→ **Records**
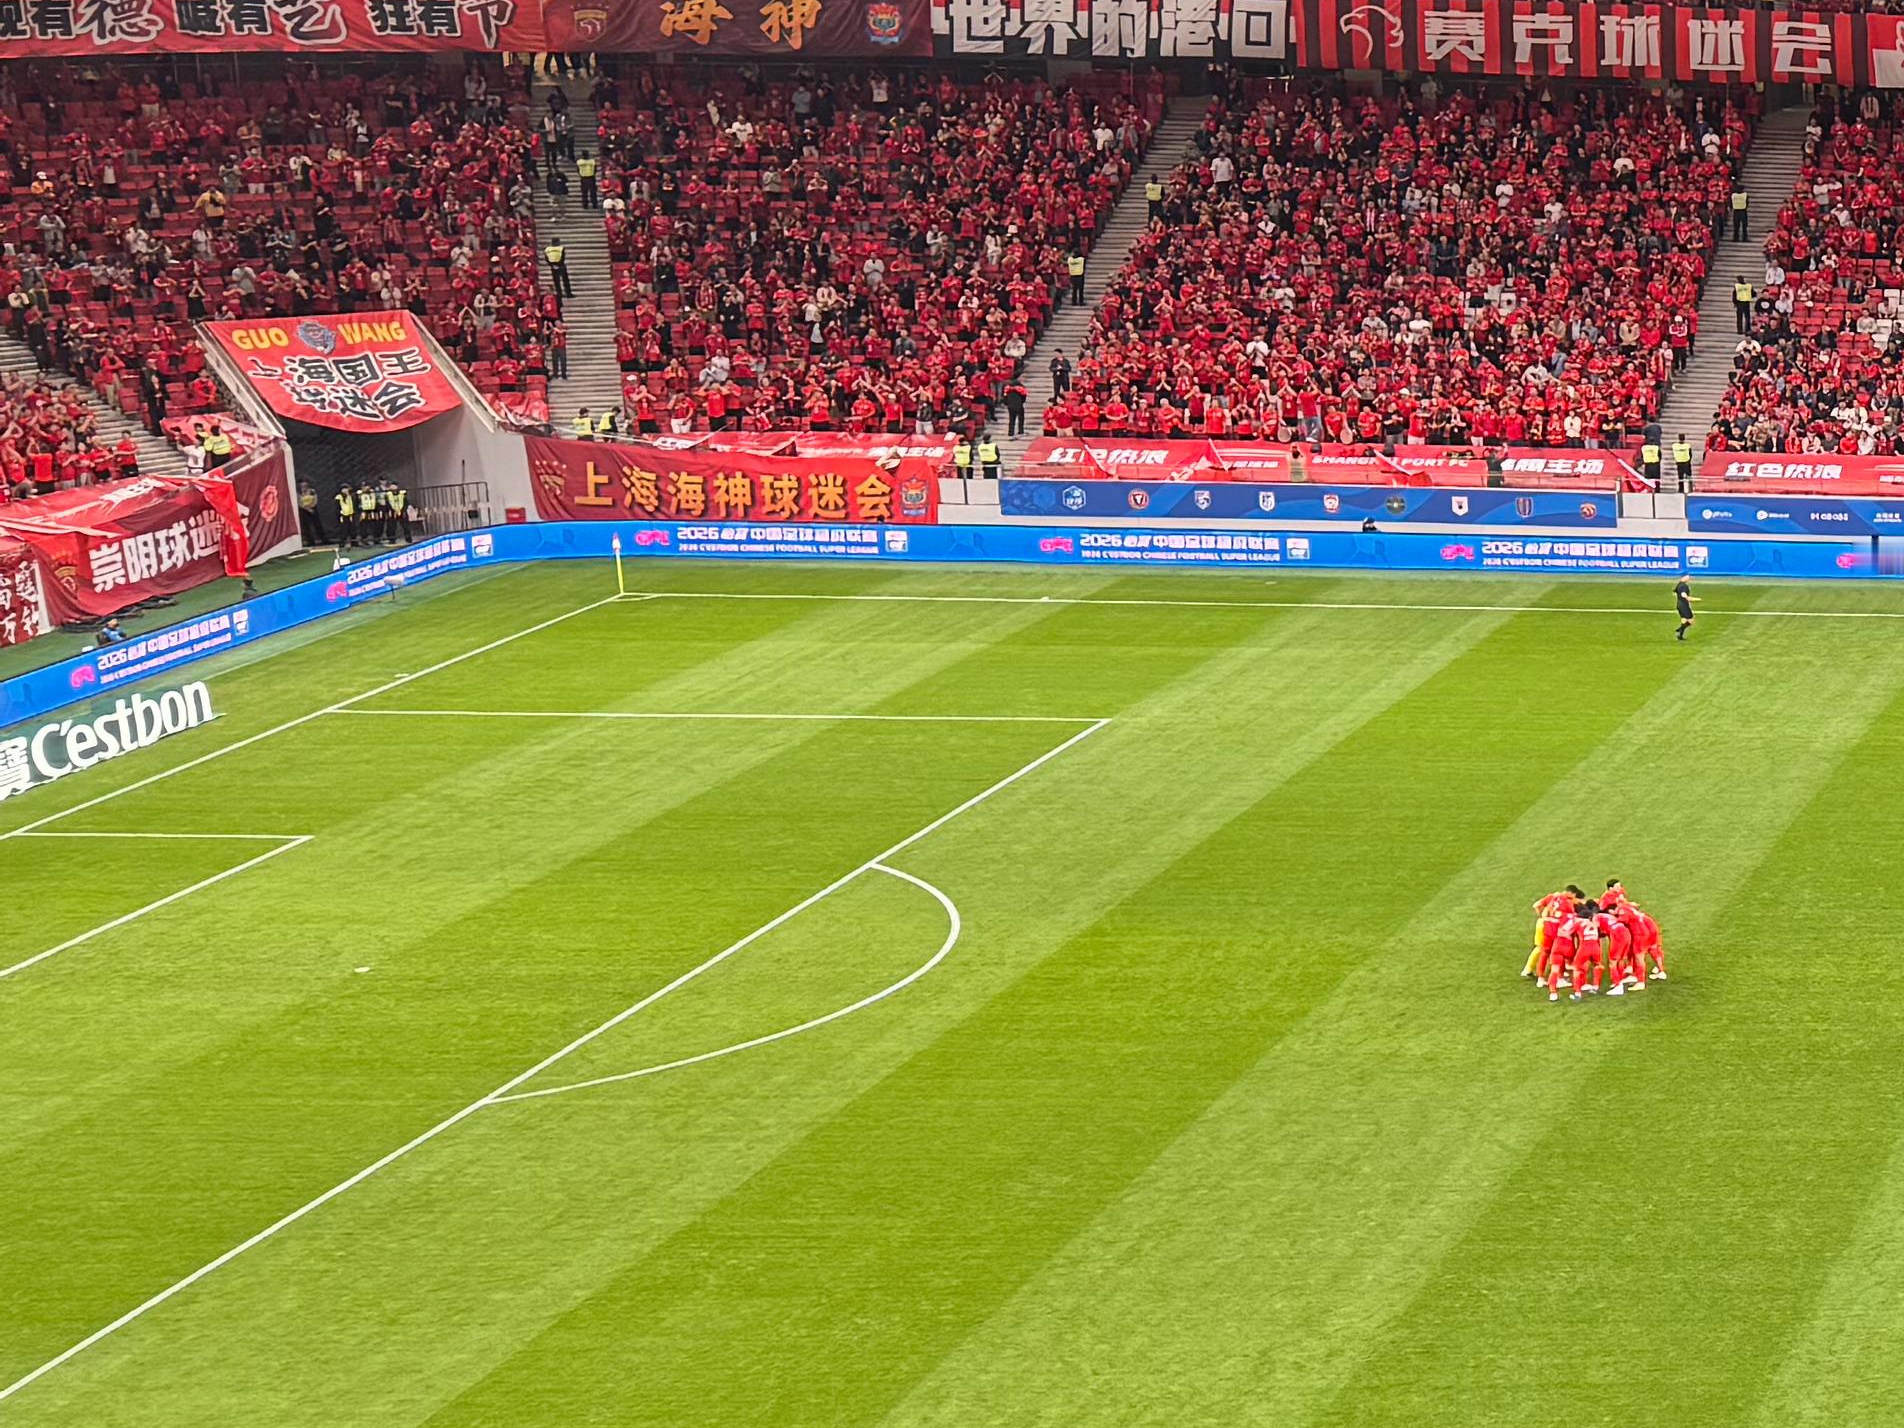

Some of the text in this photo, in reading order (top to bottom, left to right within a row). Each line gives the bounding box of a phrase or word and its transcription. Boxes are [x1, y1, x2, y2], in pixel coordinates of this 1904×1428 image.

[1424, 9, 1833, 75] 赛克球迷会
[231, 321, 406, 350] GUO WANG
[574, 460, 894, 520] 上海海神球迷会
[89, 501, 250, 593] 崇明球迷
[31, 680, 213, 778] C'estbon

→ **Exercise prompt**
Repeat the lines above exactly, and keep every picture out.

→ **Response area**
Some of the text in this photo, in reading order (top to bottom, left to right within a row). Each line gives the bounding box of a phrase or word and its transcription. Boxes are [x1, y1, x2, y2], in pixel coordinates of this 1904×1428 image.

[1424, 9, 1833, 75] 赛克球迷会
[231, 321, 406, 350] GUO WANG
[574, 460, 894, 520] 上海海神球迷会
[89, 501, 250, 593] 崇明球迷
[31, 680, 213, 778] C'estbon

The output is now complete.